EXERCISE REQUIREMENTS:
Set each record down exactly, excluding all images.

----------------

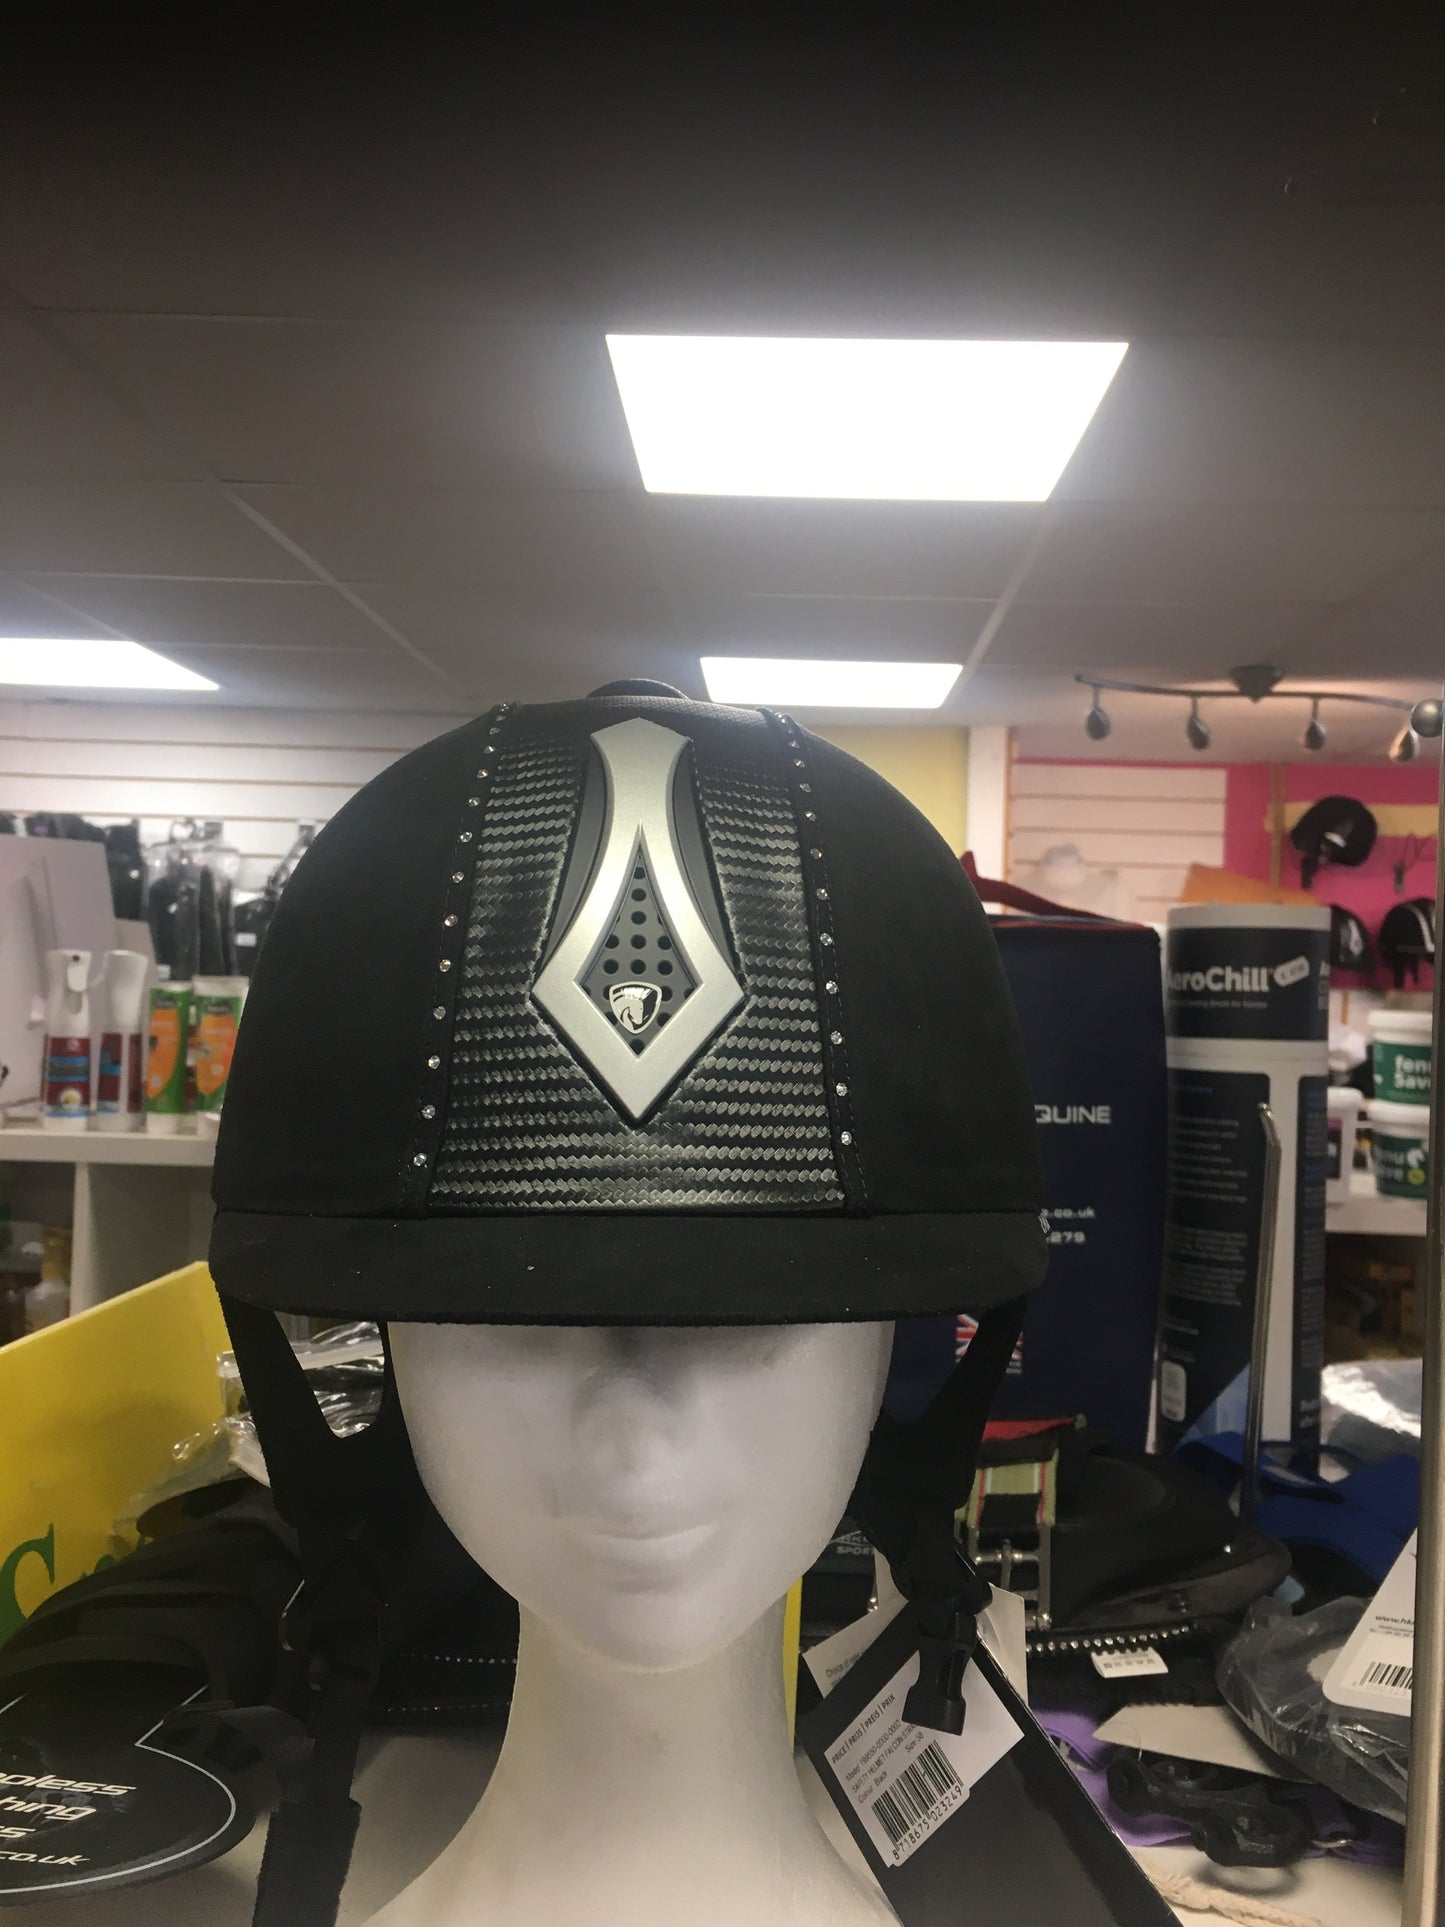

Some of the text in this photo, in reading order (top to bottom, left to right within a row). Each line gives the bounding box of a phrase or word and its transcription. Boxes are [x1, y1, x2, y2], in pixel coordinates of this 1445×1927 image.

[1395, 1055, 1431, 1074] fen
[1394, 1072, 1431, 1090] Sav
[832, 1745, 848, 1764] PRICE
[864, 1710, 880, 1729] PREIS
[881, 1693, 896, 1710] PRIX
[901, 1722, 918, 1740] STRA
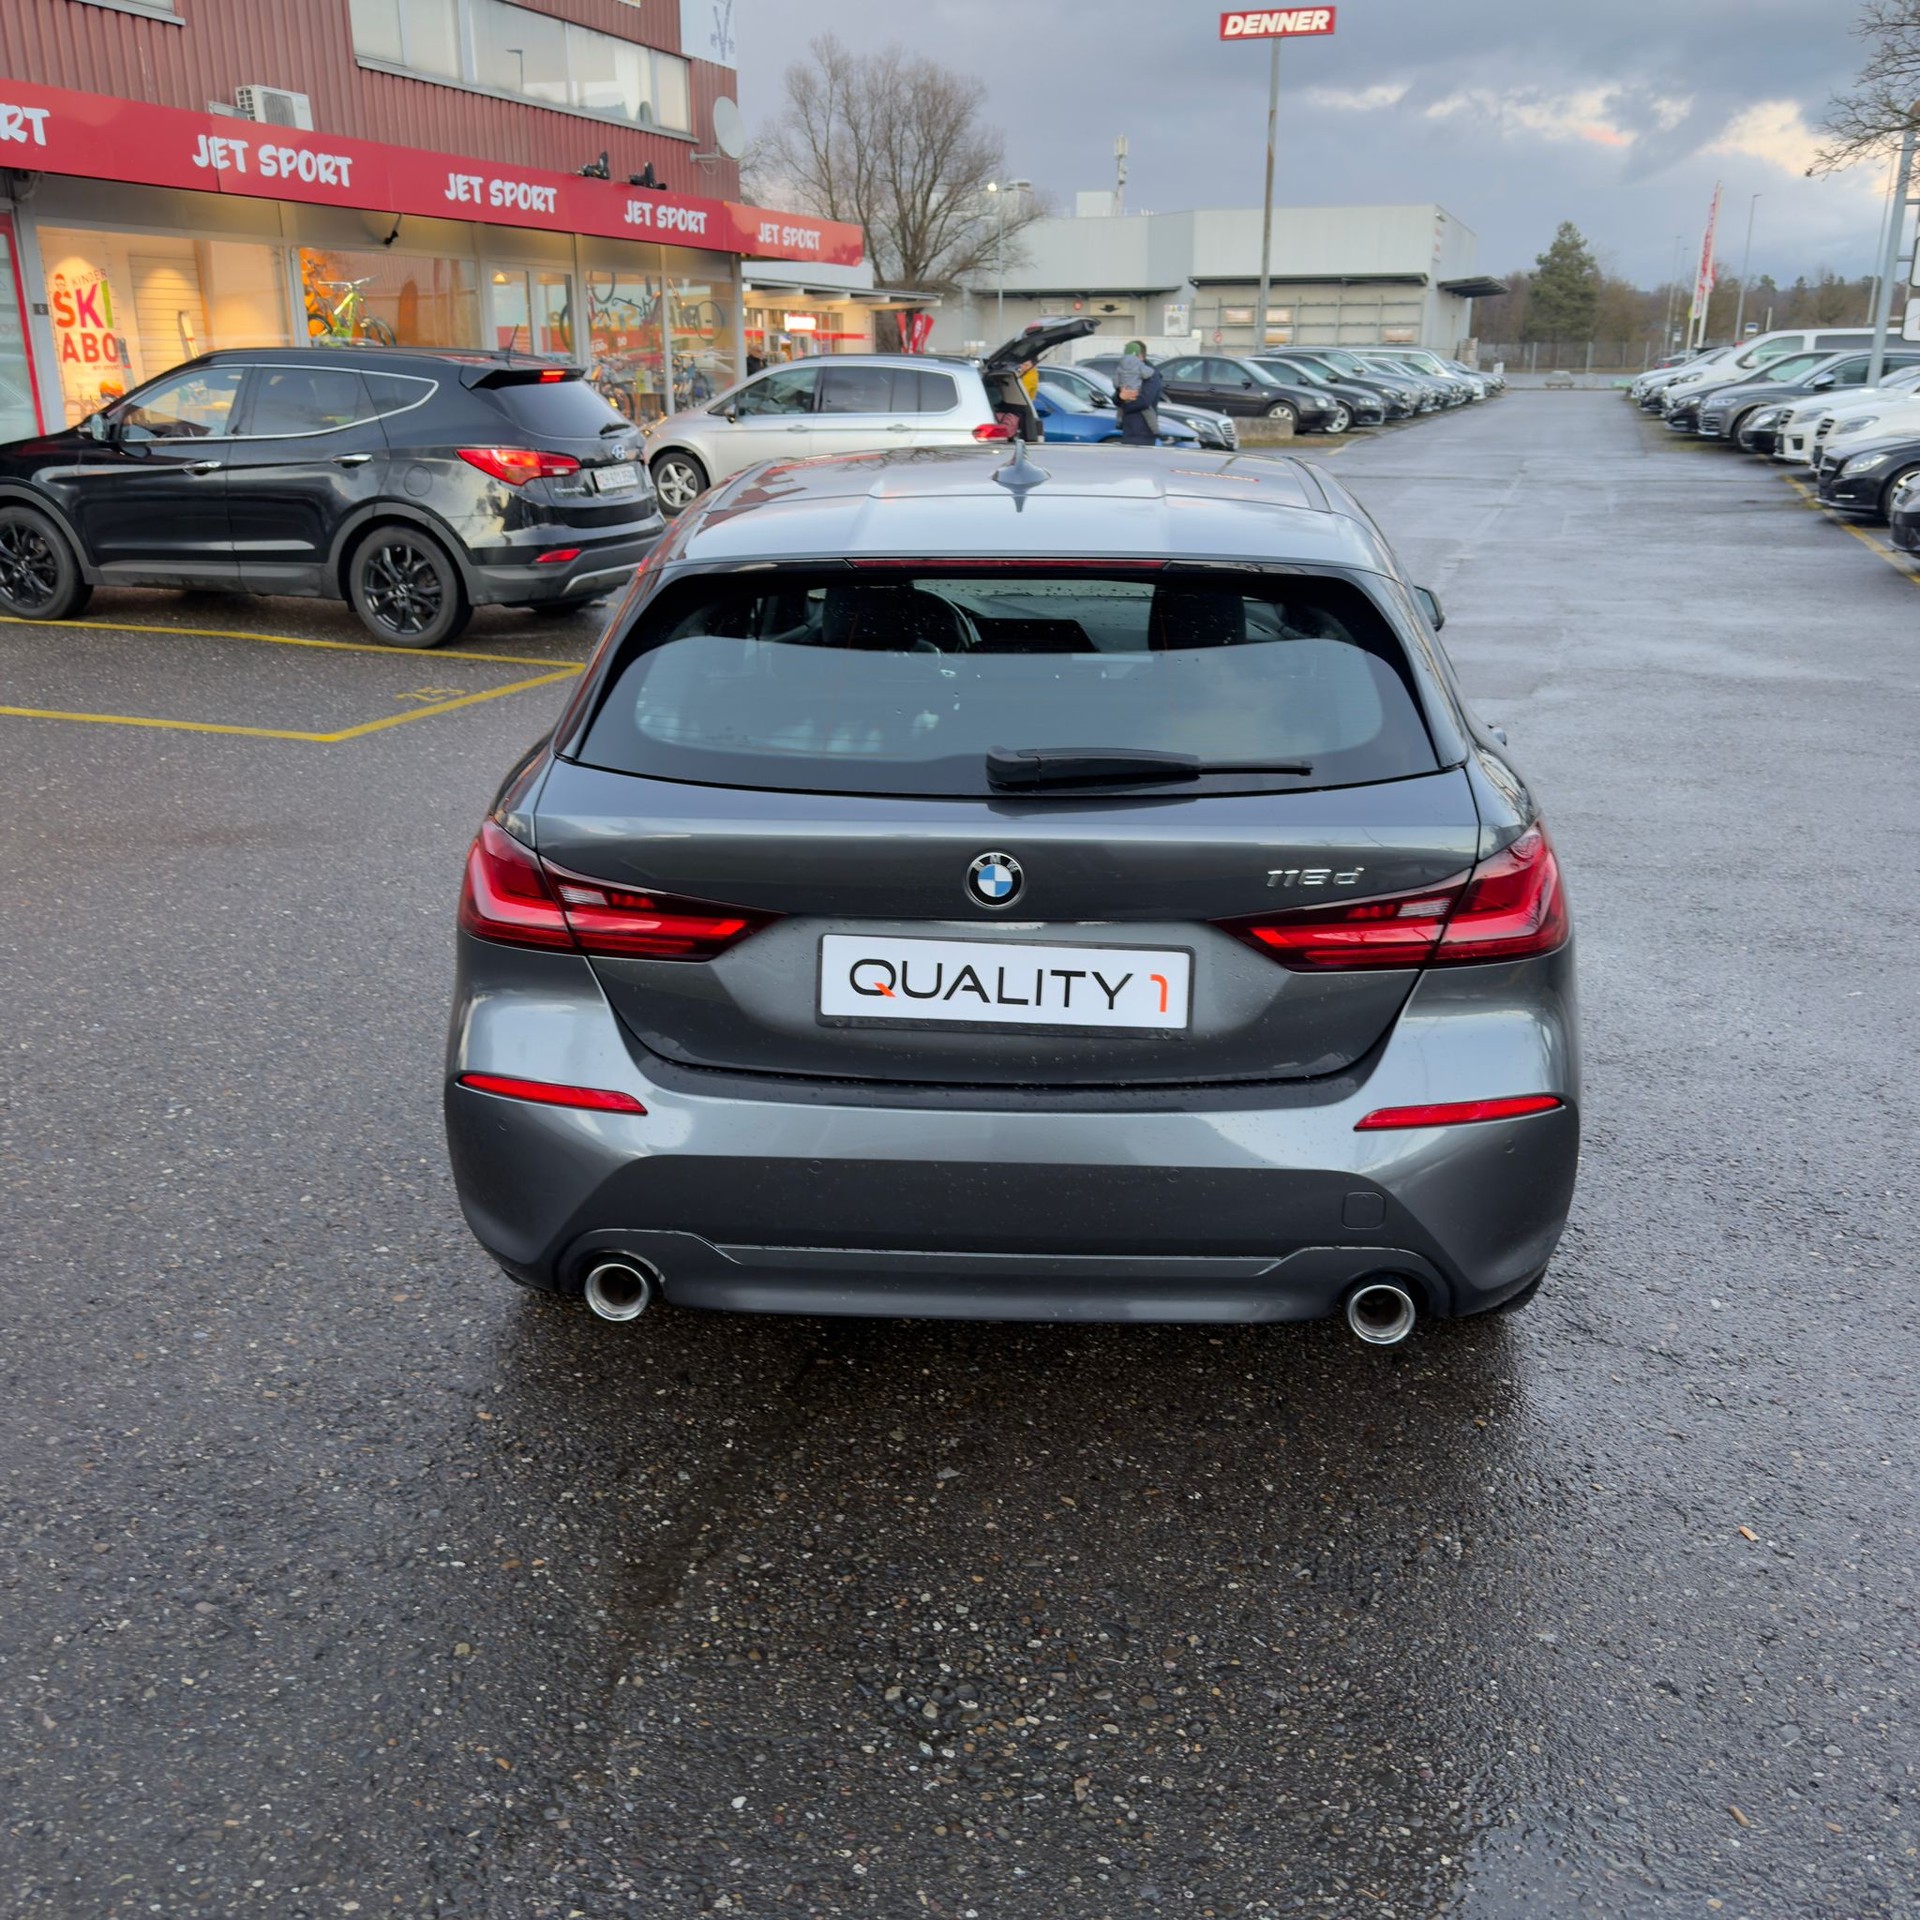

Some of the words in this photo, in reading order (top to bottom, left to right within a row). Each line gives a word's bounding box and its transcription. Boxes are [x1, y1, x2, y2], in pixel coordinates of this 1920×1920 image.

[1224, 9, 1331, 36] DENNER
[192, 134, 249, 173] JET
[258, 144, 353, 188] SPORT
[444, 173, 484, 204] JET
[489, 179, 557, 213] SPORT
[624, 199, 653, 226] JET
[656, 205, 707, 234] SPORT
[758, 222, 779, 245] JET
[782, 226, 821, 251] SPORT
[53, 280, 114, 329] SKI
[63, 332, 119, 363] ABO
[849, 958, 1133, 1010] QUALITY
[1149, 973, 1168, 1013] 1

----------------

SOLUTION BELOW:
Some of the text in this photo, in reading order (top to bottom, left to right within a row). Each line gives the bounding box of a phrase or word and its transcription. Boxes are [x1, y1, x2, y2], in pixel coordinates of this 1445×1927 image.

[1395, 1055, 1431, 1074] fen
[1394, 1072, 1431, 1090] Sav
[832, 1745, 848, 1764] PRICE
[864, 1710, 880, 1729] PREIS
[881, 1693, 896, 1710] PRIX
[901, 1722, 918, 1740] STRA

Some of the words in this photo, in reading order (top to bottom, left to right within a row). Each line gives a word's bounding box and its transcription. Boxes are [x1, y1, x2, y2], in pixel coordinates of this 1920×1920 image.

[1224, 9, 1331, 36] DENNER
[192, 134, 249, 173] JET
[258, 144, 353, 188] SPORT
[444, 173, 484, 204] JET
[489, 179, 557, 213] SPORT
[624, 199, 653, 226] JET
[656, 205, 707, 234] SPORT
[758, 222, 779, 245] JET
[782, 226, 821, 251] SPORT
[53, 280, 114, 329] SKI
[63, 332, 119, 363] ABO
[849, 958, 1133, 1010] QUALITY
[1149, 973, 1168, 1013] 1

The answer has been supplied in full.